• **TASK BRIEF**
Return exactly these lines and no others: the one containing "Some of the text" and all that follow it to the end of the listing below.

• **DATA SUPPLIED**
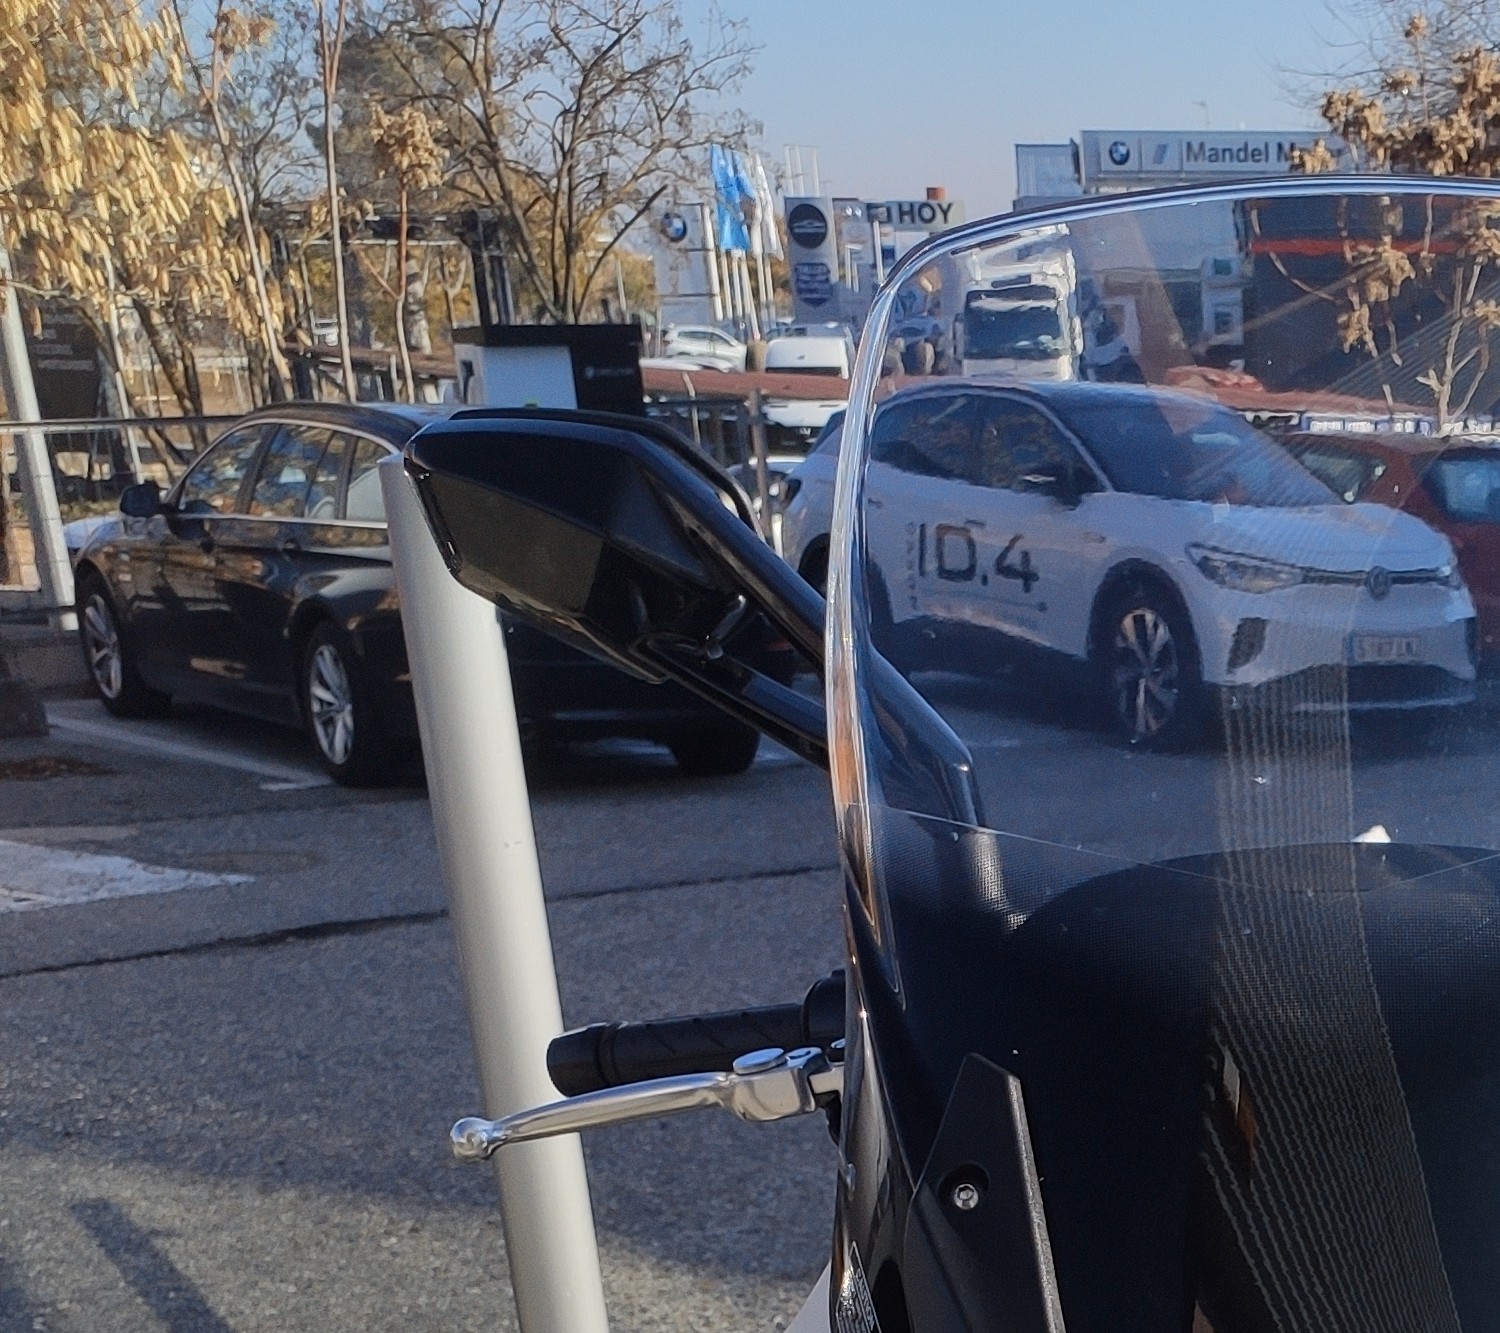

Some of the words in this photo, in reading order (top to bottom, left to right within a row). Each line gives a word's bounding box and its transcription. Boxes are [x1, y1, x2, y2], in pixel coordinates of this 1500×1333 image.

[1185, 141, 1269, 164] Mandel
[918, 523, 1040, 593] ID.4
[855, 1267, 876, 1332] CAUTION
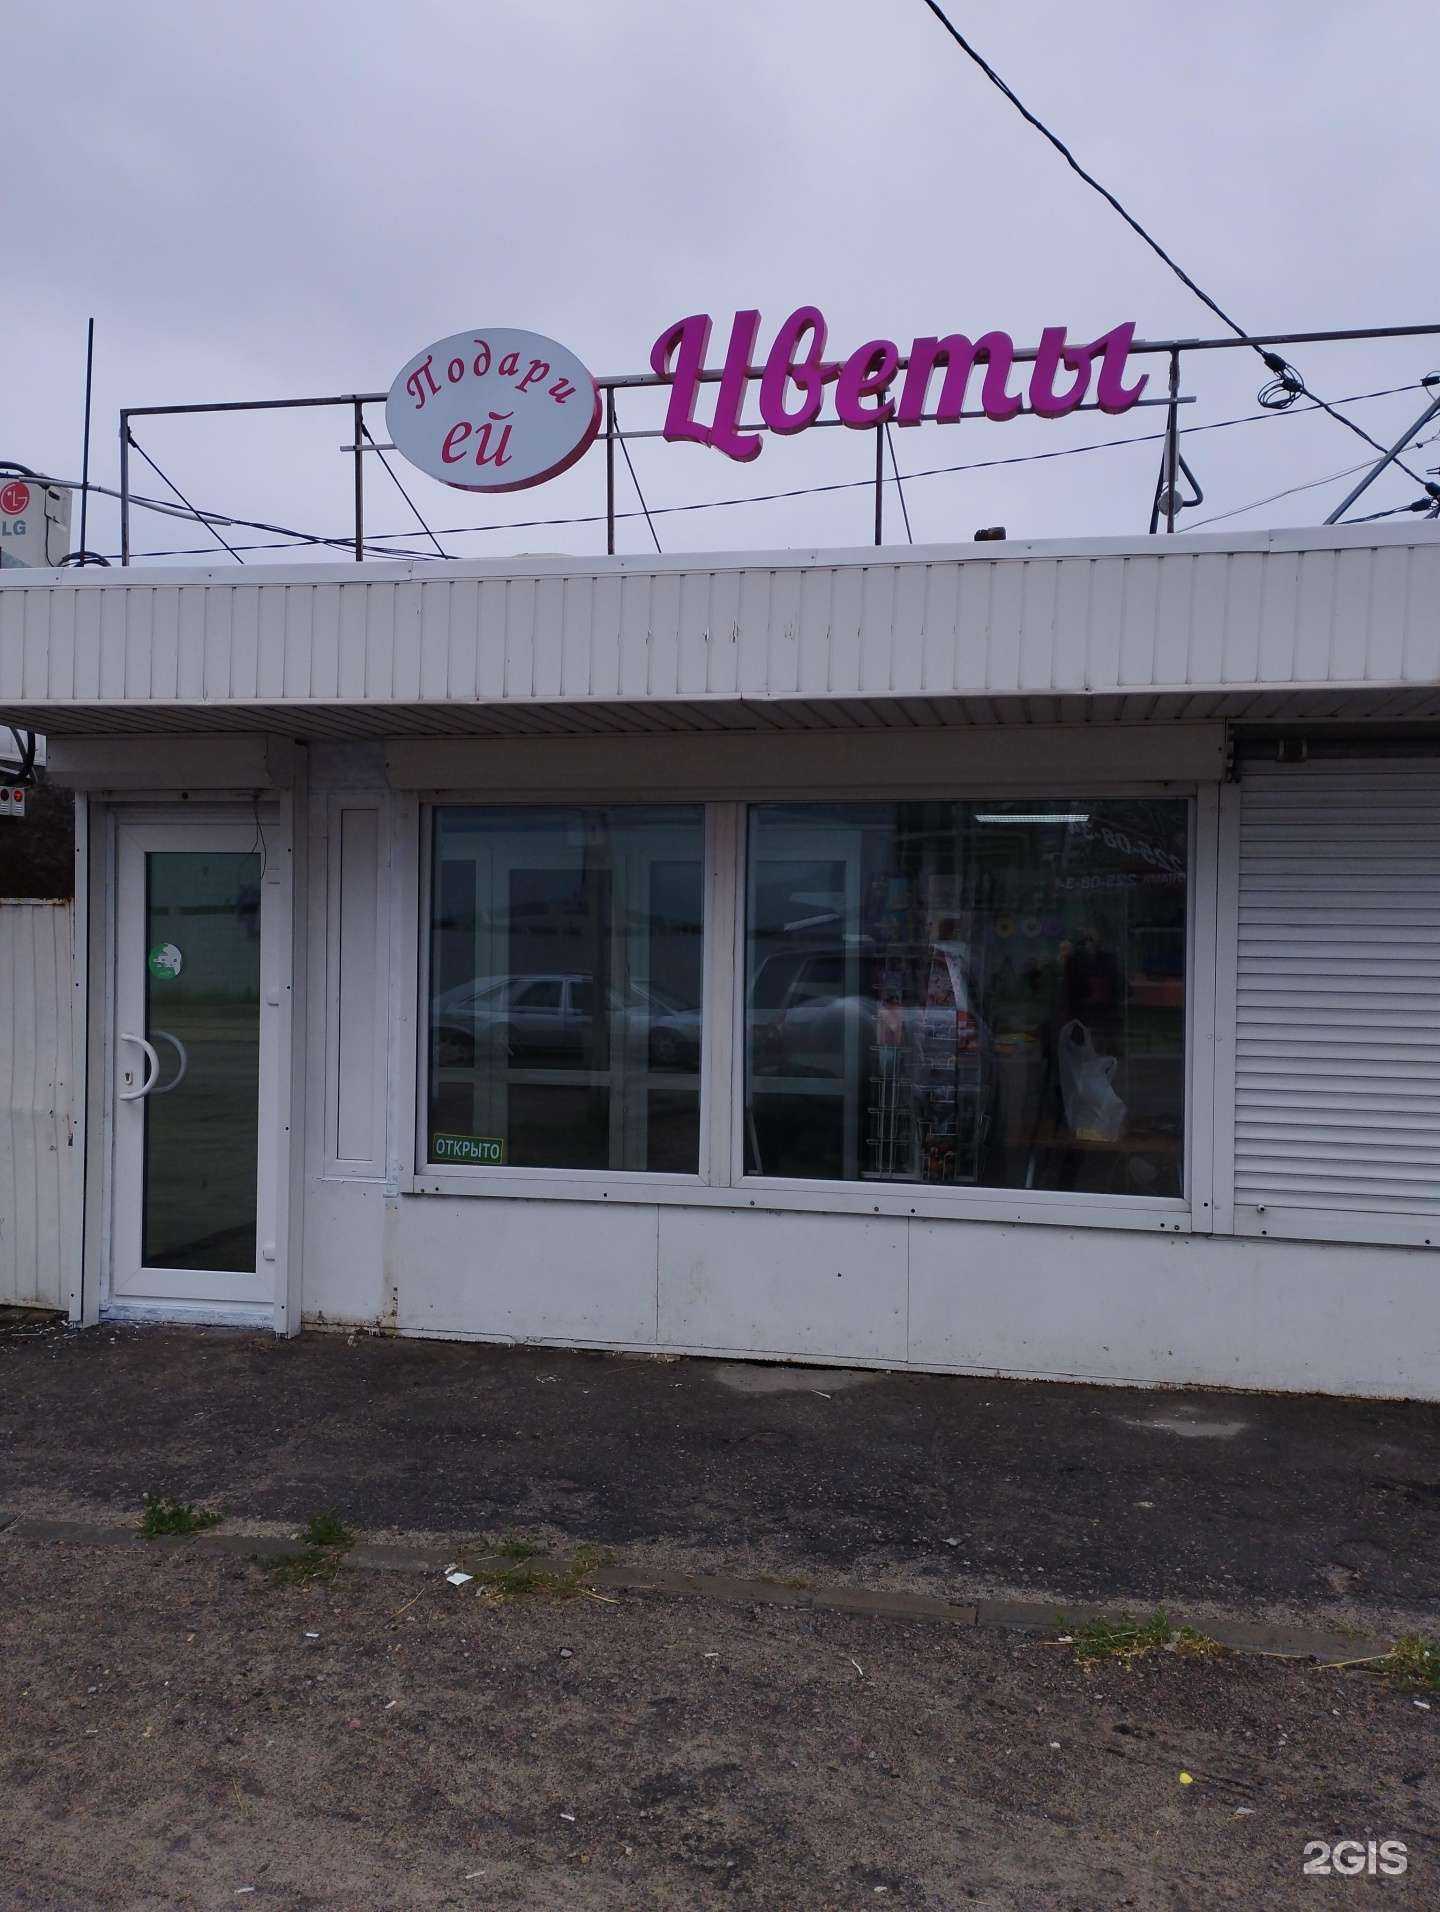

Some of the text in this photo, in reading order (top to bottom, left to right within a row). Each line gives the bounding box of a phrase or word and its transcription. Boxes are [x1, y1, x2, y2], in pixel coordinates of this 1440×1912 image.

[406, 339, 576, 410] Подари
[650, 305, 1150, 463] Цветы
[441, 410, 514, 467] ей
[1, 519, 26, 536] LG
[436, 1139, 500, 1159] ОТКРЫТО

• **TASK RESPONSE**
Some of the text in this photo, in reading order (top to bottom, left to right within a row). Each line gives the bounding box of a phrase or word and its transcription. Boxes are [x1, y1, x2, y2], in pixel coordinates of this 1440×1912 image.

[406, 339, 576, 410] Подари
[650, 305, 1150, 463] Цветы
[441, 410, 514, 467] ей
[1, 519, 26, 536] LG
[436, 1139, 500, 1159] ОТКРЫТО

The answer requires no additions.